How to get rich in Mauritius

When I completed my A levels in 2009 and was getting ready to go to University, I remember distinctly that a lot of my friends were going to China to study medicine. I often wondered how many of them actually wanted to be in the field.

Studying in Mauritius is not easy. As a third-world country, with a practically inexistent social and welfare security system, you tend to grow up with the pressure of having to perform academically so that you can maximise your chances of getting a decent job later in life.

I rebelled against that. I was mostly interested in computers but, in Mauritius we have to study other subjects until university where you can then specialize in the field you want. It was hard and I did barely enough to pass by. In retrospect, that wouldn't have been such a smart decision if being in tech wasn't so favourable as it is now.

Parents, in Mauritius (and I wouldn't discount that my parents were also similar - maybe that has changed now) tend to teach their children early on that being a doctor, lawyer or engineer is something that they should strive for. The education system is also quite tailored for that, in some sense.

Of course, it was a different generation and I wouldn't want to be too critical of their biases and beliefs but the outcome is that we end up with entire generations that somehow still believe that this is the only way to maximize their financial gains and, most importantly, status in the society in the future.

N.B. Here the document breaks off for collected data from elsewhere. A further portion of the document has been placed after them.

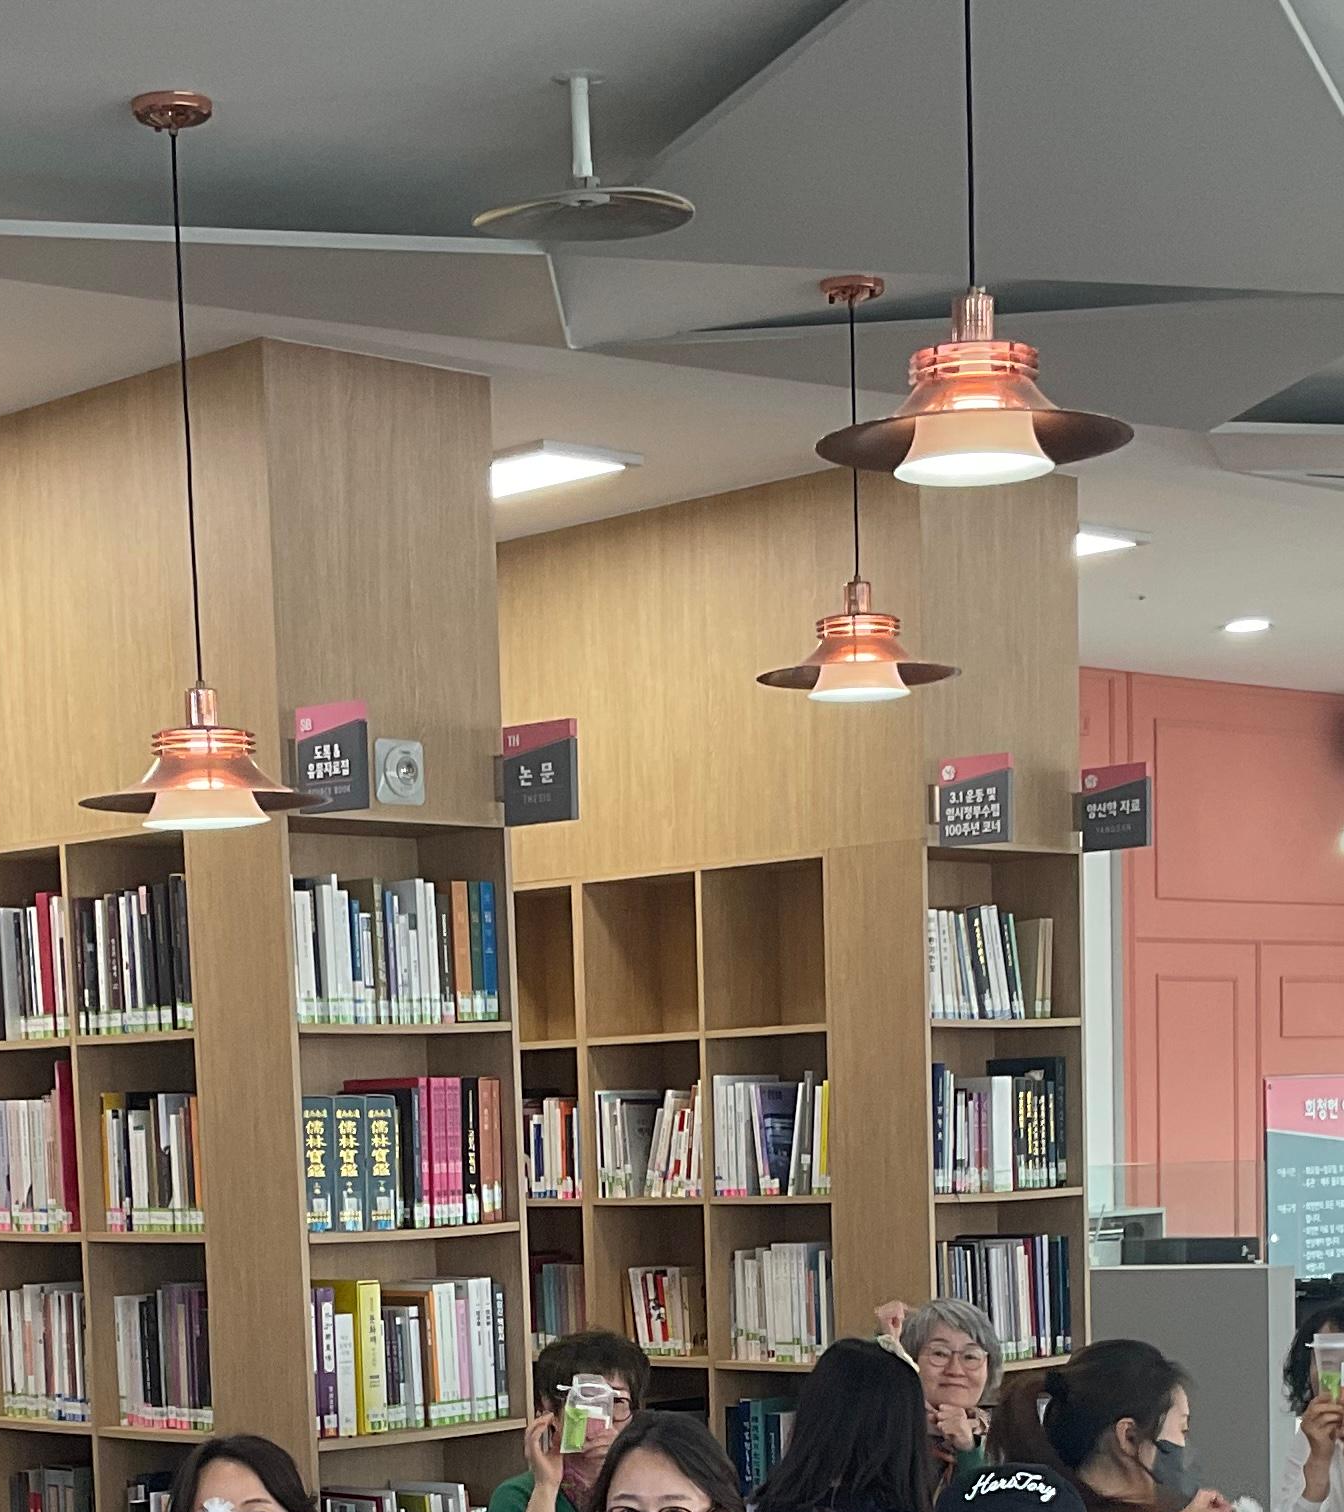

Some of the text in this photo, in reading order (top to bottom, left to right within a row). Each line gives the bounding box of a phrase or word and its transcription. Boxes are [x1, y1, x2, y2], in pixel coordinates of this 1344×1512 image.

[314, 744, 332, 761] 도록
[949, 786, 996, 804] 3.1 운동 및
[945, 803, 1001, 822] 임시정부수립
[945, 819, 1001, 837] 100주년 코너
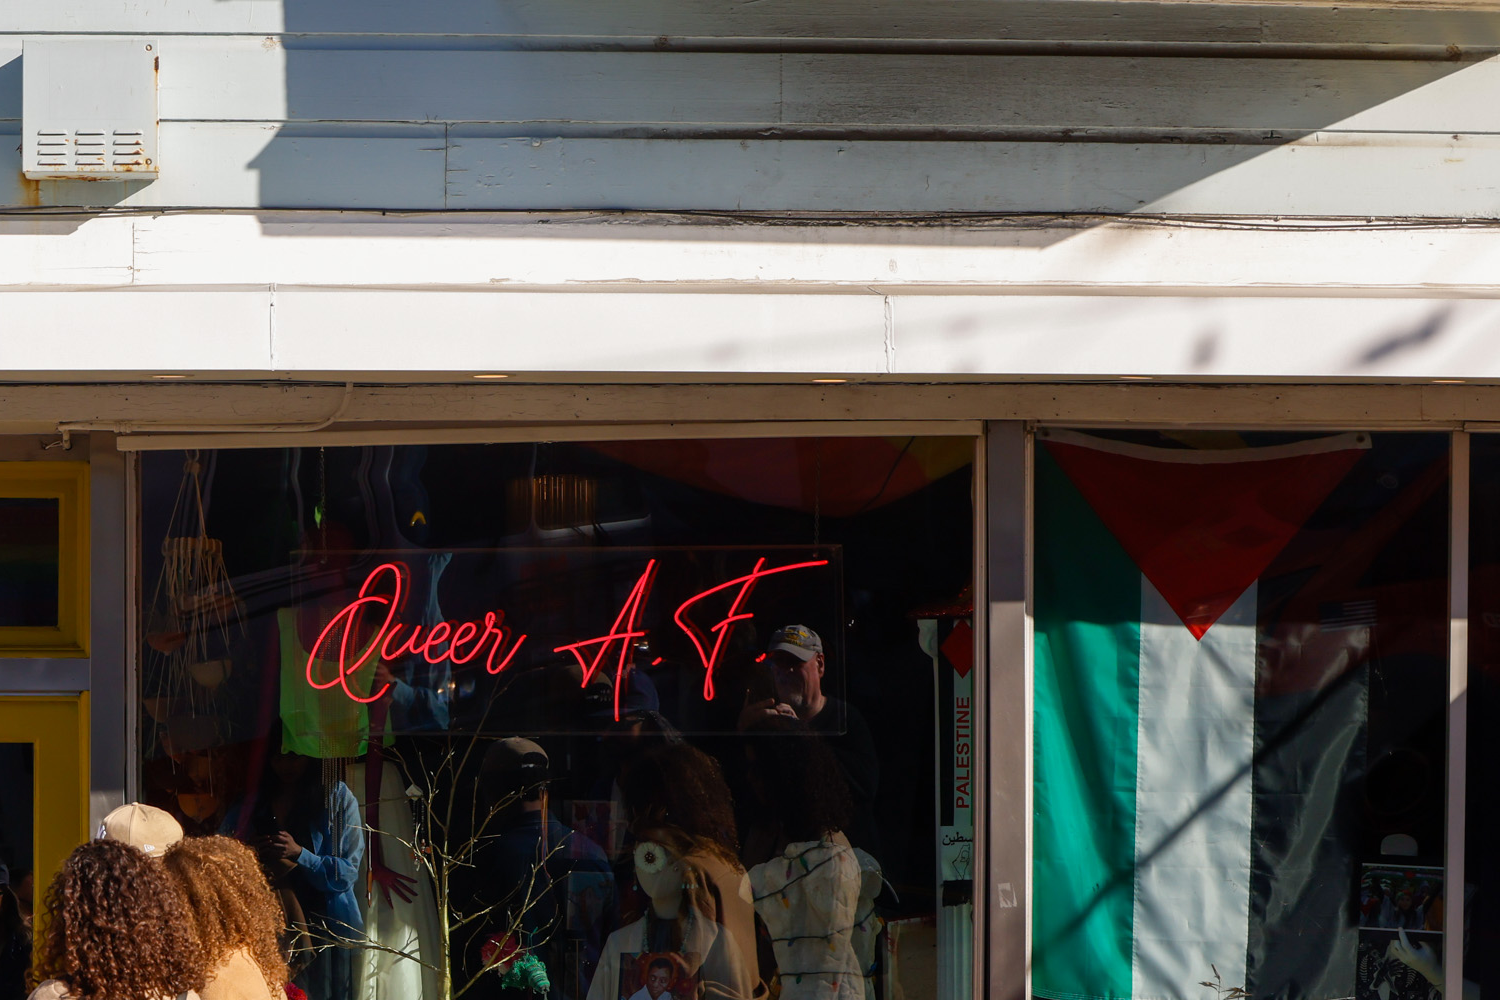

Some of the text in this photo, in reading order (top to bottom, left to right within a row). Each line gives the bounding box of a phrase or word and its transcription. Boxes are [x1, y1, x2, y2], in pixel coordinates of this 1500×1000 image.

[306, 563, 527, 704] Queer
[956, 696, 970, 809] PALESTINE
[942, 832, 973, 846] سطين

A lot of Mauritians are more interested in playing status games than actual wealth creation. I've seen so many luxury cars in the few weeks I've been in Mauritius that it did not make sense to me how in a country where the average income is roughly a little less than $1000 (USD), they could afford them.

Coming back to the friends who studied medicine, I know quite a few of them who are now trying to re-skill themselves: a lot of them in tech. And, if I'd ask them why they decided in the past to study medicine, the answers usually vary but a common theme was always pressure: from their family and society, in general.

I still believe that being in tech is one of the fastest ways to achieve financial independence, especially if you're in Mauritius. The ability to work remotely for organizations who'd pay you 6 or 7 times more than what you'd earn in Mauritius, is life-changing for many since Mauritius is by no means a cheap country.

However, and obviously that's not the only way. Blue collar jobs such as plumbers, painters and electricians were previously looked down upon by our society but are now becoming increasingly lucrative. There's also such a scarcity of highly-skilled blue collar workers on the island that the few who are there can command very high wages.

I only hope that our generation can put our egos aside and teach subsequent generations that there's so much more in life than being in what's usually considered high-status jobs.

P.S. Apologies for the clickbaity title.